**What you have to do:** Return the full set of entries precisely. Do not carry over any pictures.
(Entries provided begins)
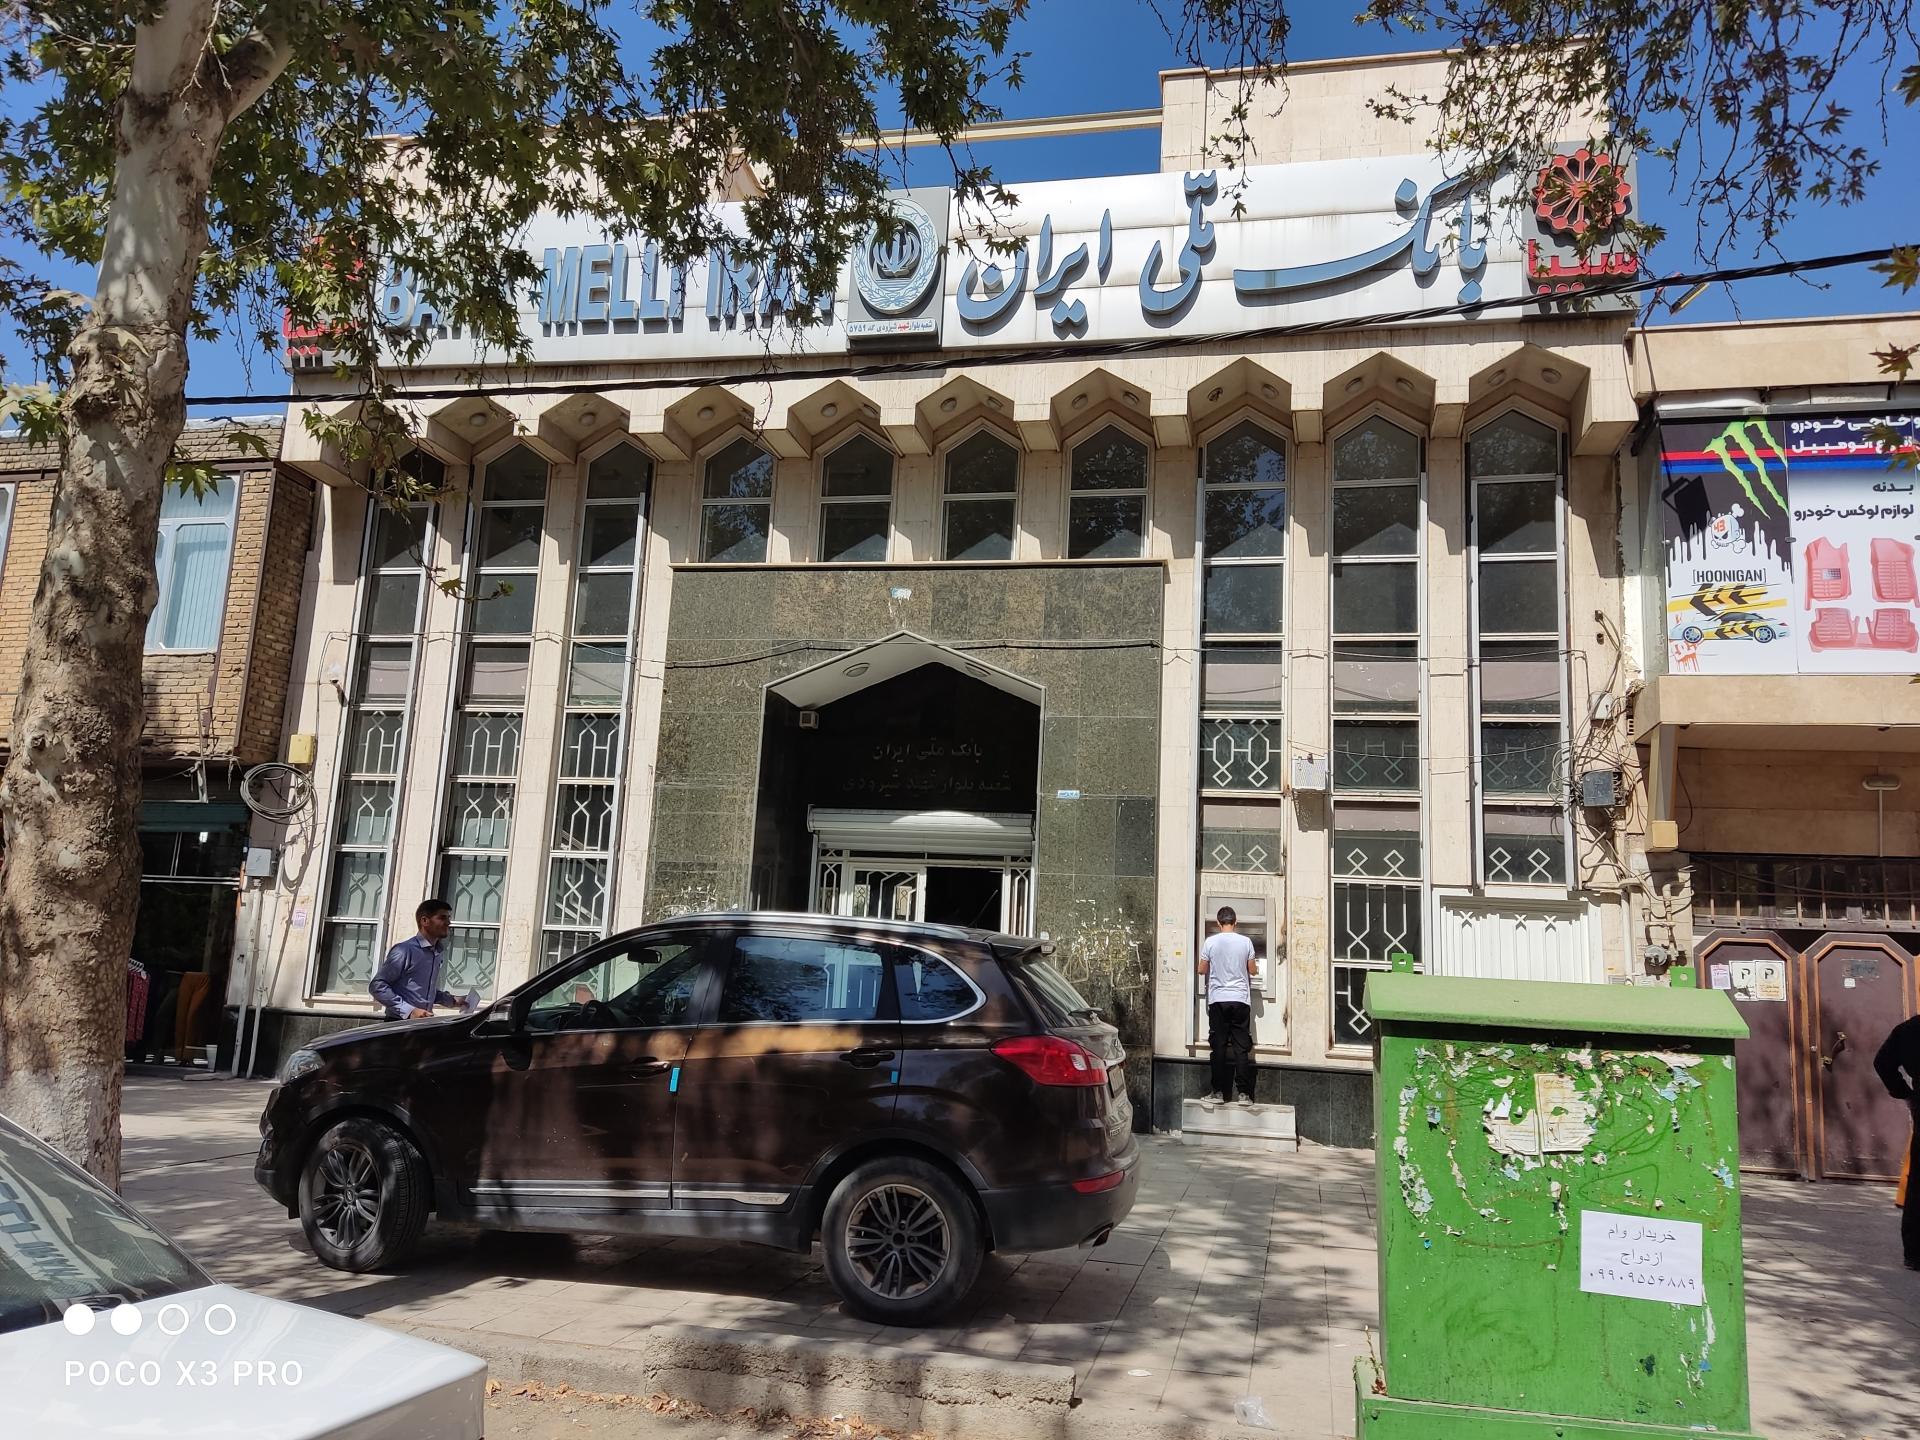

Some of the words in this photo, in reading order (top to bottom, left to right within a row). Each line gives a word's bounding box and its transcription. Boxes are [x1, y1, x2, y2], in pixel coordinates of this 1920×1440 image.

[1233, 150, 1518, 305] بانک
[956, 207, 1112, 327] ایران
[538, 243, 686, 326] MELLI
[1791, 416, 1846, 434] خودرو
[1872, 481, 1914, 495] بدنه
[1793, 504, 1836, 521] خودرو
[1837, 504, 1879, 519] لوکس
[1881, 504, 1914, 519] لوازم
[871, 743, 911, 763] ایران
[1608, 1223, 1628, 1240] وام
[1632, 1226, 1677, 1244] خریدار
[1620, 1248, 1663, 1267] ازدواج
(Entries provided ends)
**Solution for this task:**
Some of the words in this photo, in reading order (top to bottom, left to right within a row). Each line gives a word's bounding box and its transcription. Boxes are [x1, y1, x2, y2], in pixel coordinates of this 1920×1440 image.

[1233, 150, 1518, 305] بانک
[956, 207, 1112, 327] ایران
[538, 243, 686, 326] MELLI
[1791, 416, 1846, 434] خودرو
[1872, 481, 1914, 495] بدنه
[1793, 504, 1836, 521] خودرو
[1837, 504, 1879, 519] لوکس
[1881, 504, 1914, 519] لوازم
[871, 743, 911, 763] ایران
[1608, 1223, 1628, 1240] وام
[1632, 1226, 1677, 1244] خریدار
[1620, 1248, 1663, 1267] ازدواج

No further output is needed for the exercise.